Will ProcartaPlex multiplex assays give me the same results for each analyte as my current ELISA tests?
ProcartaPlex multiplex assays, which are based on Luminex xMAP technology, provide a versatile platform that gives users more flexibility and a greater array of options for analyte detection. Whether you are testing for single or multiple analytes, ProcartaPlex multiplex assays deliver accurate analytical performance using efficient, easy-to-follow protocols. Each of these assays has undergone the same development, validation, manufacturing, and quality control standardization we conduct for our ELISAs. Each lot of ProcartaPlex multiplex assays as well as ELISA assays is fully qualified with the appropriate sample type (i.e., species-specific serum, plasma, and cell culture supernatants), and each lot is evaluated based on the following performance characteristics:
Specificity-each analyte is screened to make sure there is no significant cross-reactivity with other analytes in the multiplex test
Sensitivity-each analyte is evaluated for both functional sensitivity (differentiation from background) and lower limit of detection (LLOD)
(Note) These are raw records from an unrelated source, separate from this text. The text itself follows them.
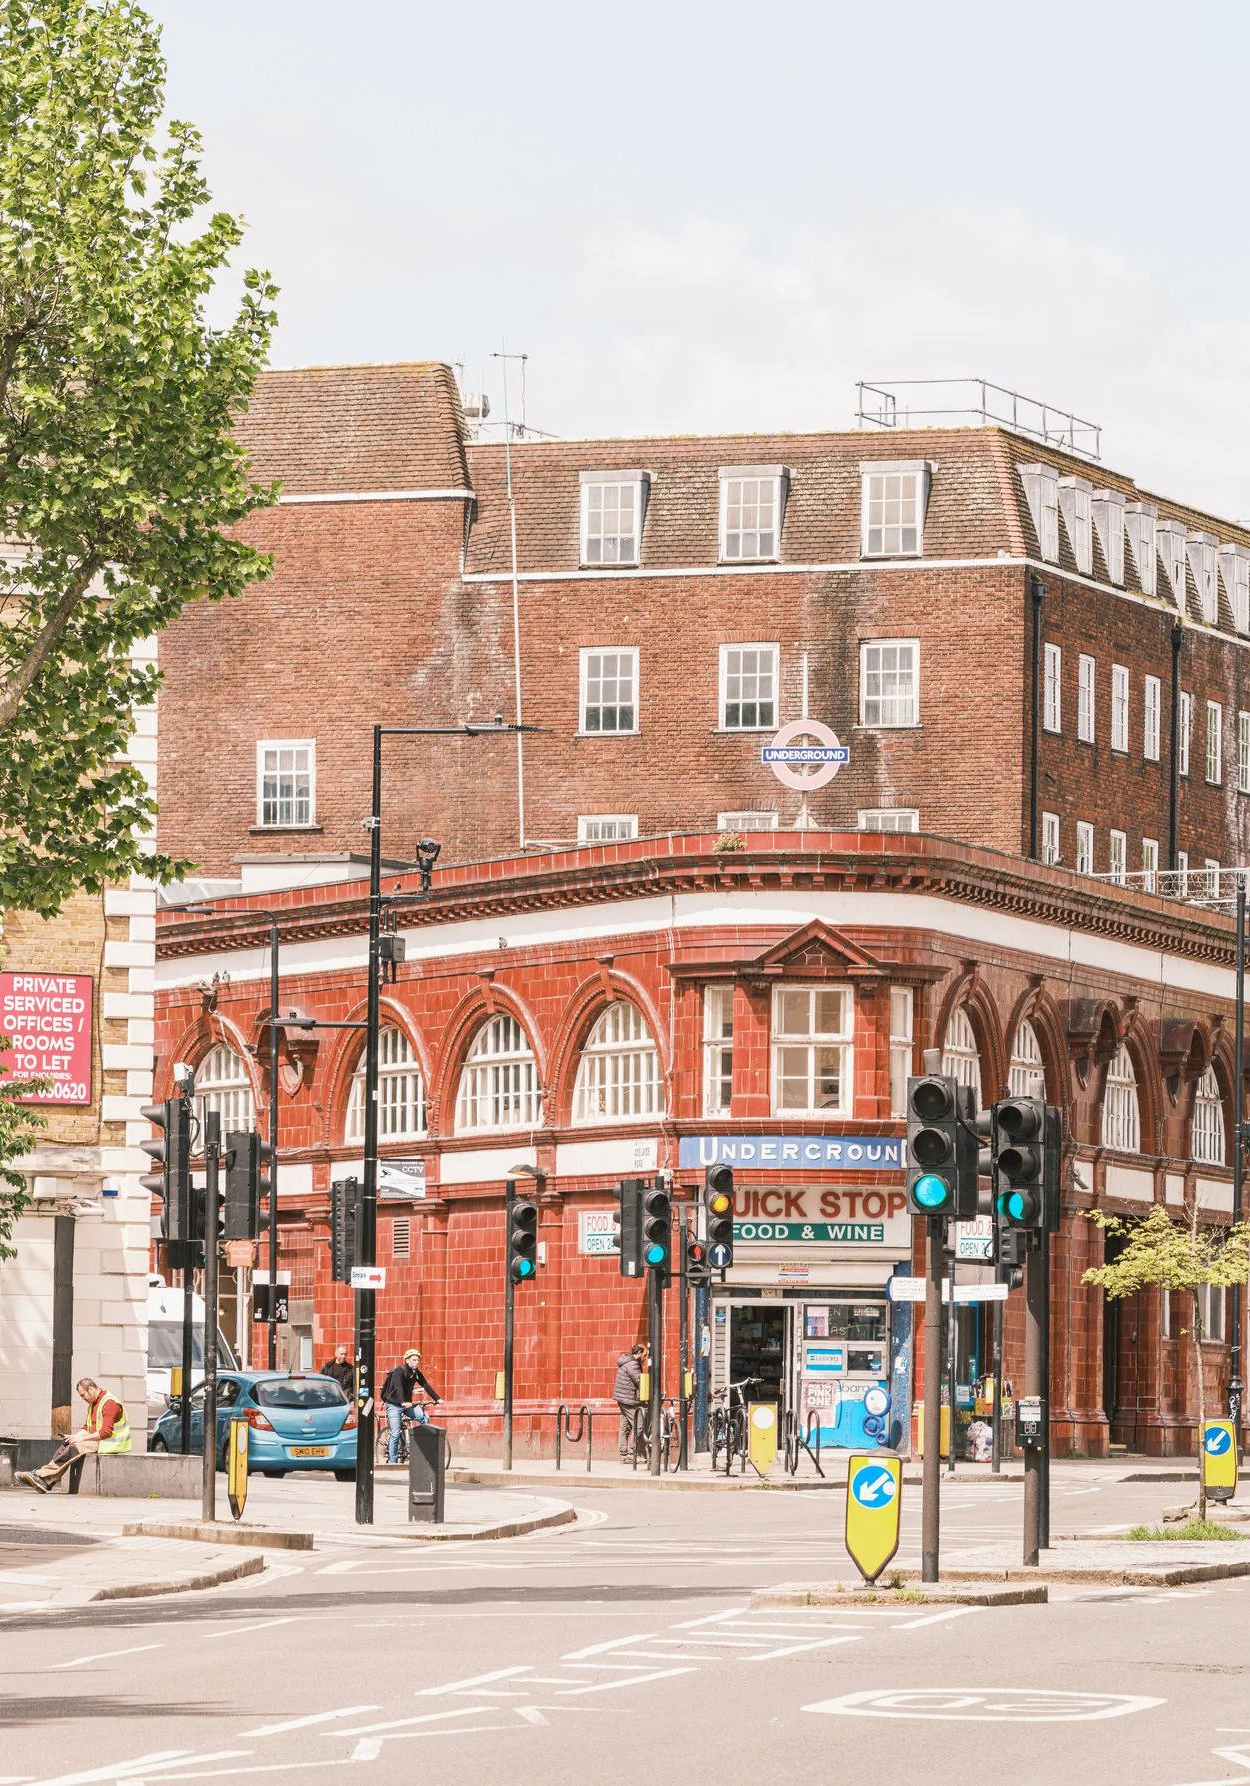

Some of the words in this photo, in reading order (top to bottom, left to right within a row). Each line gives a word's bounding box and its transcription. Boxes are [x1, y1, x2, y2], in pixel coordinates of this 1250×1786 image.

[765, 750, 845, 760] UNDERGROUND
[13, 977, 76, 993] PRIVATE
[3, 996, 85, 1013] SERVICED
[3, 1015, 73, 1032] OFFICES
[78, 1018, 84, 1032] /
[12, 1035, 75, 1051] ROOMS
[15, 1054, 37, 1070] TO
[42, 1055, 71, 1070] LET
[733, 1190, 808, 1218] UICK
[819, 1191, 907, 1218] STOP
[587, 1216, 608, 1231] FOOD
[961, 1220, 983, 1235] FOOD
[801, 1224, 814, 1239] &
[827, 1225, 883, 1240] WINE
[587, 1238, 605, 1250] OPEN
[960, 1242, 979, 1254] OPEN
[807, 1388, 831, 1397] PINK
[807, 1397, 831, 1406] ONE
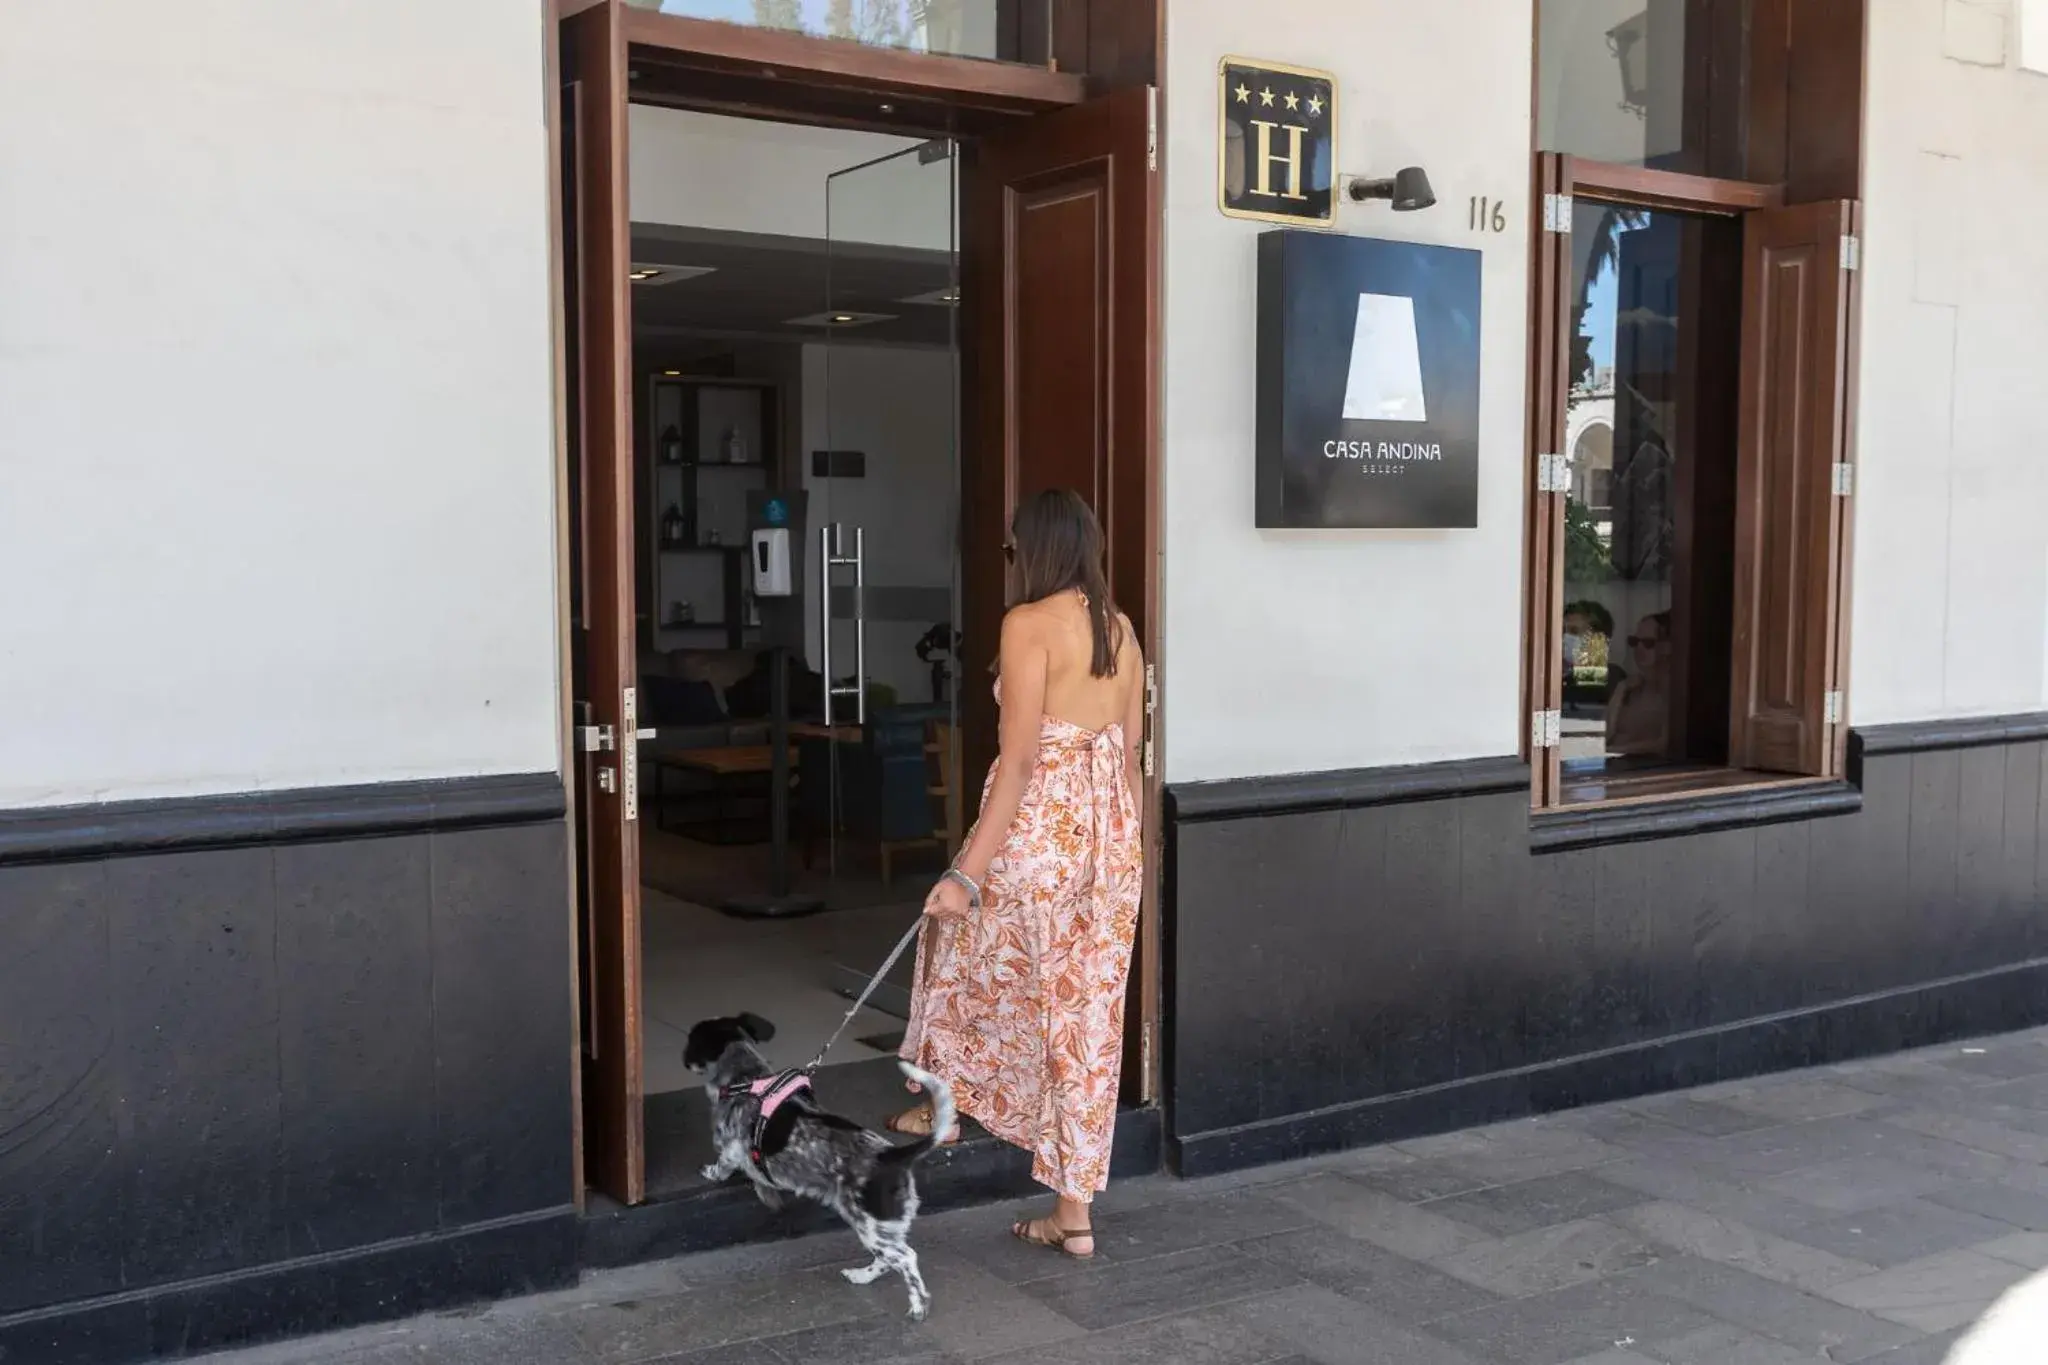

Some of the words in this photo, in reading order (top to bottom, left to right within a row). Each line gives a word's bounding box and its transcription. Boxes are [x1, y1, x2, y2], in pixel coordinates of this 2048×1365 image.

[1250, 120, 1308, 200] H
[1469, 196, 1505, 232] 116
[1323, 440, 1371, 459] CASA
[1377, 442, 1441, 460] ANDINA
[1362, 464, 1405, 474] SELECT
Precision/accuracy-multiplex assays have good intra-assay precision (<10% CV), inter-assay precision (<10% CV), and lot-to-lot consistency (<20% CV); these values are comparable to or better than most ELISA tests
ProcartaPlex multiplex assays are regularly tested against the matching ELISAs. Therefore, you can switch easily from ProcartaPlex assays to ELISA and vice versa with reliable results. Most of our ProcartaPlex assays use the same antibody pairs as our traditional plate-based ELISAs, resulting in high correlation (R2 > 0.9) between the two assays.
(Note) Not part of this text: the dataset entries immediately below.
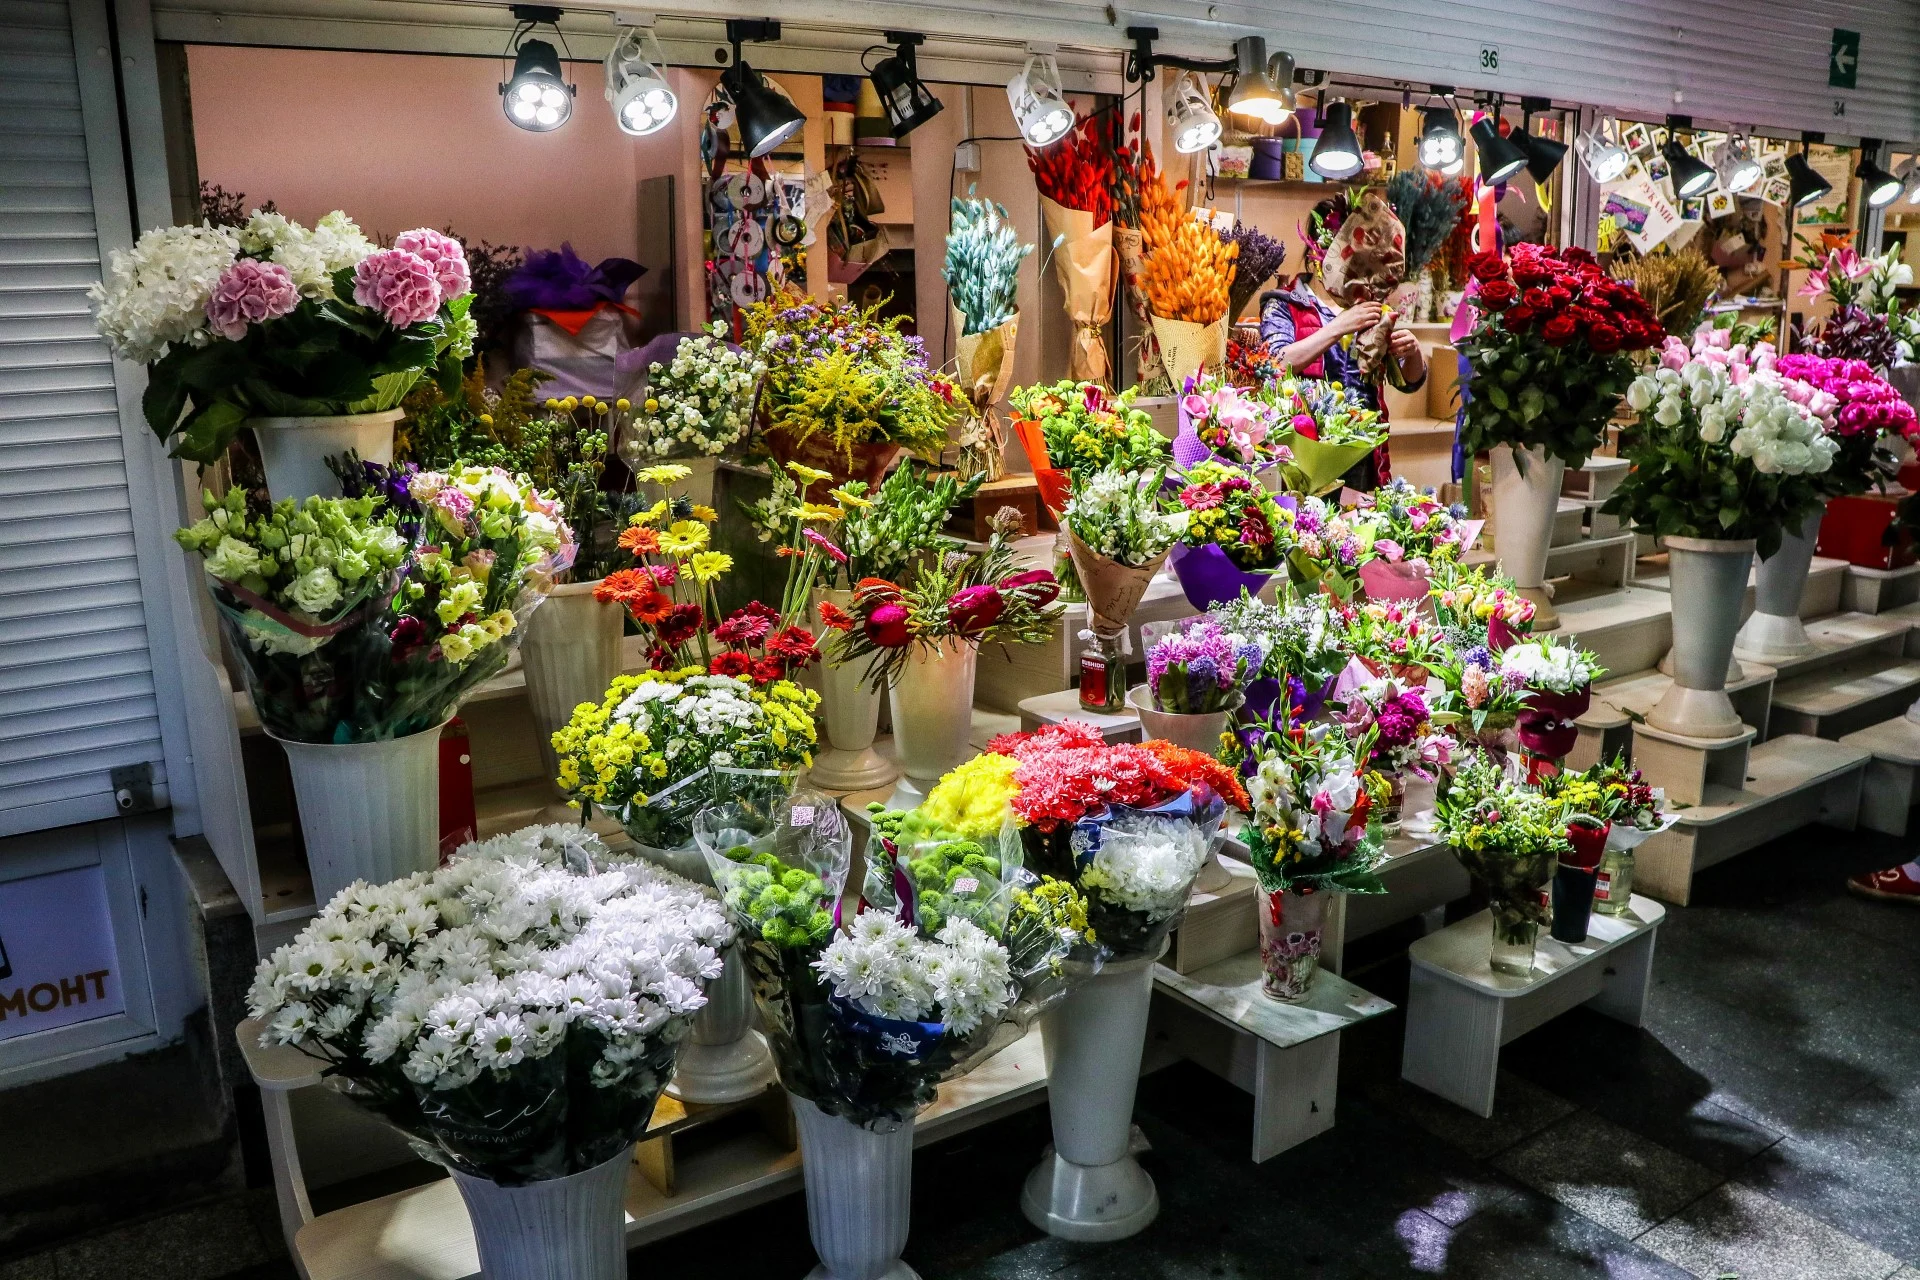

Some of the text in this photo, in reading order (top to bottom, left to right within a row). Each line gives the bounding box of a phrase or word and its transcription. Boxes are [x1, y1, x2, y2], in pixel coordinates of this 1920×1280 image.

[1481, 49, 1498, 69] 36
[1833, 100, 1845, 117] 34
[1639, 180, 1675, 224] РУКАМИ
[1081, 659, 1105, 669] BUSHIDO
[0, 969, 110, 1021] МОНТ
Why should I consider switching from ELISA technology to multiplexing?
ELISA is a simple and powerful way to quantify individual proteins specifically in complex samples. The selectivity of ELISA is achieved through the use of qualified single- or double-antibody sandwich technology, and accurate quantitation is achieved through the use of calibrated standards. ELISAs can detect low-level proteins and can be performed in a 96-well format with only 60 minutes of hands-on time. In addition, the results obtained with ELISAs are generally very reproducible. While ELISA has been established as a standard method of protein analysis, multiplexing methods that enable the measurement of multiple analytes simultaneously in a single sample address a number of specific limitations:
ELISA allows for the measurement of only one analyte at a time in a given sample, limiting investigators' increasing need to measure multiple targets in their research studies.
The low available volume of many samples being studied may limit the number of times analyses can be conducted. This is especially true in small animal research, in pediatric testing, and in microplate assays providing limited sample volumes. The ability to assay multiple analytes in a single small-volume sample enables more effective use of each sample.
Difficulties in data interpretation can arise when comparing analyte levels measured by multiple ELISAs, each assay having been performed with different sample aliquots and each susceptible to systematic errors leading to decreased precision and accuracy.
Many analytes require assays with broad dynamic ranges to avoid repeat testing or out-of-range values. Multiplex assays can be designed to have large dynamic ranges for all of the analytes, or ranges tailored to various expected analyte concentrations.
I performed an ELISA assay, and the A450 readings for my duplicate wells were very inconsistent. What could have gone wrong?
Here are possible causes and solutions:
Errors in pipetting the standards or samples or in subsequent steps. Always dispense into wells quickly and in the same order. Do not touch the pipette tip on the individual microwells when dispensing. Use calibrated pipettes and the appropriate tips for that device. Check for any leaks in the pipette tip.
Repetitive use of tips for several samples or different reagents. Use fresh tips for each sample or reagent transfer.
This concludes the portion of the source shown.